If this is winter, the world must belong to him.
Like The Emperor's New Groove, Frozen got drastically reimagined partway through production. Elsa was originally a traditional villain, until the writing of "Let it Go" made her more sympathetic, and the entire story was rejiggered to accommodate that. Way back then, her dragon would have been a polar bear (she also wore a swarm of live minks as a coat) - obviously, that was changed in the final product to a second snowlem, dubbed Marshmallow.
While tiny little Olaf was the embodiment of Elsa's happiness and innocence, Marshmallow is her desire to be left alone: big, scary, loud, and threatening. This Mystery Mini shows him in full-on "attack" mode, with a hunched posture (that, it must be said, makes the toy want to topple over pretty easily, thanks to its far-forward center of gravity), a fearsome mouth, and dozens of icy spikes protruding from his back, forearms, and knees like Doomsday or something. Snow Doomsday. Snowday. The ice is just painted a pale blue - it would have been interesting if they'd molded the entire figure in translucent blue, then just left those bits unpainted, but that might have been too much for the budget to handle.

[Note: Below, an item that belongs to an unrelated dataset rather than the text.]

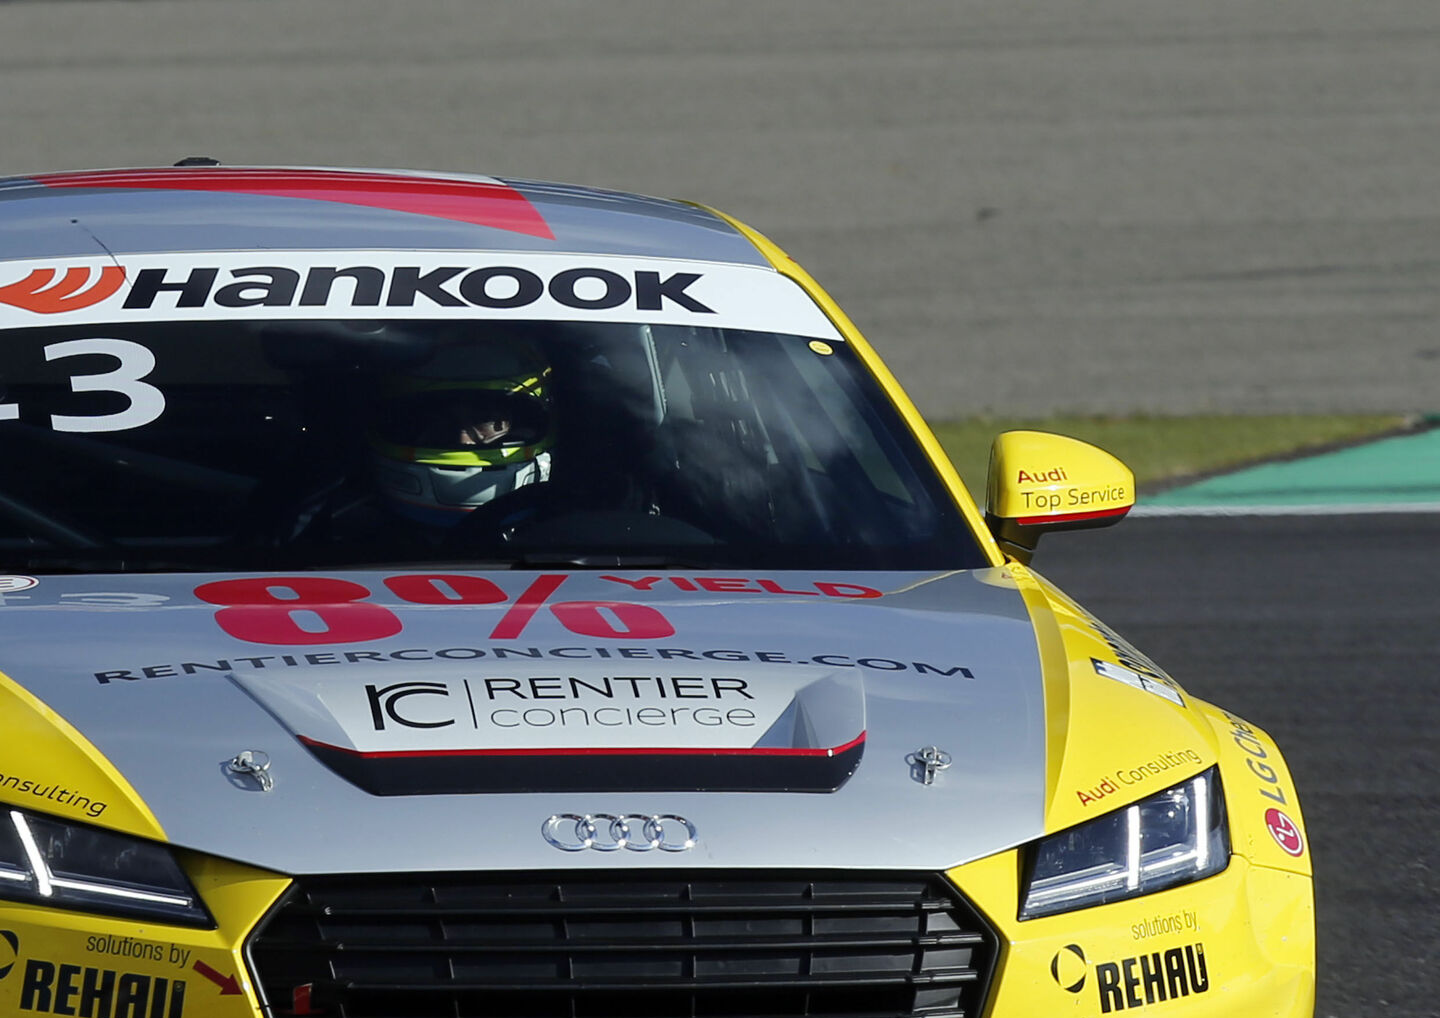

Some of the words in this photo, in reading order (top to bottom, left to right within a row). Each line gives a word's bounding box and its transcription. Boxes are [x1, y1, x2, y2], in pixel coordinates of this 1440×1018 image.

Marshmallow was available in a 1/24 ratio in the Frozen Mystery Minis, meaning he wasn't in every case - but being the only massive figure, it was pretty simple to find him. There was also a 1/72 variant version that showed him happy and wearing a crown, but come on: you know the normal one is better. Marshmallow also appears in the Disney Heroes vs. Villains series, with a different, more dynamic pose, but the assembly of that figure leaves a lot more conspicuous lines on the body, so you may want to stick with the themed release.